(MATERIAL PROVIDED Opens)

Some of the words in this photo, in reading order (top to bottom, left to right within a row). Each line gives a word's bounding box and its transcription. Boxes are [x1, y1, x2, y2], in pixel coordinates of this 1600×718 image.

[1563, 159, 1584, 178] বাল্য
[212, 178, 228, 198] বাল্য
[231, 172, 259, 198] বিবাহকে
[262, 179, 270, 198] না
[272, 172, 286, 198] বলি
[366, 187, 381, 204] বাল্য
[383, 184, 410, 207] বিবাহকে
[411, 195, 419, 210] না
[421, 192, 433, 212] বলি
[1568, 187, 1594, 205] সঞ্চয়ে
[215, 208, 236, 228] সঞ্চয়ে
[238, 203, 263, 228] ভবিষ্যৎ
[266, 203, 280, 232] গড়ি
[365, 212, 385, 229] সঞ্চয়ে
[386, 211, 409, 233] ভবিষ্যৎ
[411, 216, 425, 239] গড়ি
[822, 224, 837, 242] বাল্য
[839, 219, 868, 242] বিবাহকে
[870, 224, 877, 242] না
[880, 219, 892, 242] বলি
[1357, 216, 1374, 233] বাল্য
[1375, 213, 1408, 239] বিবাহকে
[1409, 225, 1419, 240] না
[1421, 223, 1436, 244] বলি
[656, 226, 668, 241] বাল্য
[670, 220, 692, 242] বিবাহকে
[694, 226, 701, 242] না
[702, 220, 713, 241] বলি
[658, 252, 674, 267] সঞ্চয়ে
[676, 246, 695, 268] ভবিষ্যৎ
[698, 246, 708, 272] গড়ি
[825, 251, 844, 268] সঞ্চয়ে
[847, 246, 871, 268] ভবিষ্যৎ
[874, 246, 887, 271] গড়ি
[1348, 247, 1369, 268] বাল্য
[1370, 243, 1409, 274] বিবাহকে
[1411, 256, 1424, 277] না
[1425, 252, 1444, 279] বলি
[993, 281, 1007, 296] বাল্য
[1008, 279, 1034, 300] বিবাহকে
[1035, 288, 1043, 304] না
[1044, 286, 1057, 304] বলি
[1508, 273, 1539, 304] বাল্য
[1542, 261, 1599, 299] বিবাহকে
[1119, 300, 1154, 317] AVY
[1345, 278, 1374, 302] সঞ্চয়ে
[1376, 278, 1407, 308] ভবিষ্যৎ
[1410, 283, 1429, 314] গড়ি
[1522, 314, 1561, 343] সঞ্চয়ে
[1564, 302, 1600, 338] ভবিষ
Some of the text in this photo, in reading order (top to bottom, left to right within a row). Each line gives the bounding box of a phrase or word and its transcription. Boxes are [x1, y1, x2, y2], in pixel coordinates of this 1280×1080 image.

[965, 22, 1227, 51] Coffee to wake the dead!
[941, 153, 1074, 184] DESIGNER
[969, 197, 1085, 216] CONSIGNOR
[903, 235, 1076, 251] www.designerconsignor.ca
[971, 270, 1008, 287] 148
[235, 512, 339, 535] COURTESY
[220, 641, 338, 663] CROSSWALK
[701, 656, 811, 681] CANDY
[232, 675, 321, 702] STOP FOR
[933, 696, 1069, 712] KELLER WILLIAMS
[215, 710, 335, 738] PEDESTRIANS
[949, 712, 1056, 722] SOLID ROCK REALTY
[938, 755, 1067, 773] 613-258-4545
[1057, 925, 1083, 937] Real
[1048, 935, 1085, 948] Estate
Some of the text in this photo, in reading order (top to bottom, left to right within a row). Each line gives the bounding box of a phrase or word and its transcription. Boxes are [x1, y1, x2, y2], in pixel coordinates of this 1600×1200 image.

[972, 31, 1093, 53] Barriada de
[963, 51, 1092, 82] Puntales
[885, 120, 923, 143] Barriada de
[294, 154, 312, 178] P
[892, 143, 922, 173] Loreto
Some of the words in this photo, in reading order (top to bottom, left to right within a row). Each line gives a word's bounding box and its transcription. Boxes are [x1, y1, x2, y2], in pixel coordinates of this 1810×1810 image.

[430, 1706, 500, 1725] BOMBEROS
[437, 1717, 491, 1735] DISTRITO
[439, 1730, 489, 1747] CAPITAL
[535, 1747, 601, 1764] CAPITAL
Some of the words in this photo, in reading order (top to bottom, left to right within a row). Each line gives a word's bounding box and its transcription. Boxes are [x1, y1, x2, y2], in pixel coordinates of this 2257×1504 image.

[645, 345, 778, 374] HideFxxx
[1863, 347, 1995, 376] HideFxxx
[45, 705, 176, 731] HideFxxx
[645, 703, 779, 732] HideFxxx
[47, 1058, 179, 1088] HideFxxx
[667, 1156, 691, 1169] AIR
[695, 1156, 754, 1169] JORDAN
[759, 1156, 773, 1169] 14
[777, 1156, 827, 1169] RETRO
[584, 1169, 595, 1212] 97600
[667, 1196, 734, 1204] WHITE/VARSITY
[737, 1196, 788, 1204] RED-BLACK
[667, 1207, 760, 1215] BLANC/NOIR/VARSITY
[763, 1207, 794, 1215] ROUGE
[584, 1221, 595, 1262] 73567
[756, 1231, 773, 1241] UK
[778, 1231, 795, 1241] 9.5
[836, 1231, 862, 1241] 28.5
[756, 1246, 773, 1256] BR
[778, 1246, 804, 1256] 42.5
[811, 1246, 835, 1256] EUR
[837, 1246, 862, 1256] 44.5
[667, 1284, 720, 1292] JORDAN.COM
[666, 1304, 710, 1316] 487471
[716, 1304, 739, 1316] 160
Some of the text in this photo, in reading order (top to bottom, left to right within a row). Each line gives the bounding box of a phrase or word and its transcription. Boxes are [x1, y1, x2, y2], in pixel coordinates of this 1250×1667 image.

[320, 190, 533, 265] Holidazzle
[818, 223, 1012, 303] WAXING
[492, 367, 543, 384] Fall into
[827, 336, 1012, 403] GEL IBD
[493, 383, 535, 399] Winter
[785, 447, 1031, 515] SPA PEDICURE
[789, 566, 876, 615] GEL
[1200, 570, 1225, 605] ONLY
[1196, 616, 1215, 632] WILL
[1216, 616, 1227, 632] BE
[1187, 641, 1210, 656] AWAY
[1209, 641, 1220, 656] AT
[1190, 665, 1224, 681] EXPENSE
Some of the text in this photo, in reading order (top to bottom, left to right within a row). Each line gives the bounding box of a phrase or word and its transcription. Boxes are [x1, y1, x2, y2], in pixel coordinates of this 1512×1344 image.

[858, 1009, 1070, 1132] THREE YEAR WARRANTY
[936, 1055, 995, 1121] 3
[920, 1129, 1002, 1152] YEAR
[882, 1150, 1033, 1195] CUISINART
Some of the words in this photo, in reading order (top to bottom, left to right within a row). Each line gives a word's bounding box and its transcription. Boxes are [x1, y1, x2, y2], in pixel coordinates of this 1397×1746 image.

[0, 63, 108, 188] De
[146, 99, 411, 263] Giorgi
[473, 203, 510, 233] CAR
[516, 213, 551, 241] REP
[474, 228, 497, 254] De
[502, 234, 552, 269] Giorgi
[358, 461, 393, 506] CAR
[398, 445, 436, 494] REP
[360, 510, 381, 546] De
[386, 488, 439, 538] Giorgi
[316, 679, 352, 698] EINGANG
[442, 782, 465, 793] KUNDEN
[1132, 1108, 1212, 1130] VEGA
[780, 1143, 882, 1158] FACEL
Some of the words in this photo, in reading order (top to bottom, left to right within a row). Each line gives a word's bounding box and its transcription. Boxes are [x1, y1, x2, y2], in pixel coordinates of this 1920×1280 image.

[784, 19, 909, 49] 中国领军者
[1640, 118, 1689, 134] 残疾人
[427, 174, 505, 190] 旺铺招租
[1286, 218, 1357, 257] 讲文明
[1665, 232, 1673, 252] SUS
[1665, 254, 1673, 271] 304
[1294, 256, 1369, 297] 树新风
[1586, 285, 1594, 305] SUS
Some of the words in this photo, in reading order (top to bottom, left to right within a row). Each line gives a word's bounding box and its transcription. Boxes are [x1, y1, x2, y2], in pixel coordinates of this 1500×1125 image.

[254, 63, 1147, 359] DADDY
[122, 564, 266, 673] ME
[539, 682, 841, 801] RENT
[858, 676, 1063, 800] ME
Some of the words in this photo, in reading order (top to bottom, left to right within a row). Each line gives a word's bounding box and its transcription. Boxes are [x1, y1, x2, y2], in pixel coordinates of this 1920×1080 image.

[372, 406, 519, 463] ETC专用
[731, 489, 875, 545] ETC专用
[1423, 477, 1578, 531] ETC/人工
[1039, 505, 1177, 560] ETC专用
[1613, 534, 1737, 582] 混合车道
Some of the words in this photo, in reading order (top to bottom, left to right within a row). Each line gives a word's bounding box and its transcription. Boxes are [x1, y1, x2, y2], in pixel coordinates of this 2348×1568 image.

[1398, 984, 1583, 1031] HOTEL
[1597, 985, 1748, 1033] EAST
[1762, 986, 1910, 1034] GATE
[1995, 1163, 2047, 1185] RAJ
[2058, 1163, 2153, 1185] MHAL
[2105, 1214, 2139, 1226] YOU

(MATERIAL PROVIDED Closes)

→ **EXERCISE GOAL**:
Exactly the lines from the one containing "this 2348×1568 image." through the end of the records should be reproduced, and no others.

→ **TASK OUTPUT**:
Some of the words in this photo, in reading order (top to bottom, left to right within a row). Each line gives a word's bounding box and its transcription. Boxes are [x1, y1, x2, y2], in pixel coordinates of this 2348×1568 image.

[1398, 984, 1583, 1031] HOTEL
[1597, 985, 1748, 1033] EAST
[1762, 986, 1910, 1034] GATE
[1995, 1163, 2047, 1185] RAJ
[2058, 1163, 2153, 1185] MHAL
[2105, 1214, 2139, 1226] YOU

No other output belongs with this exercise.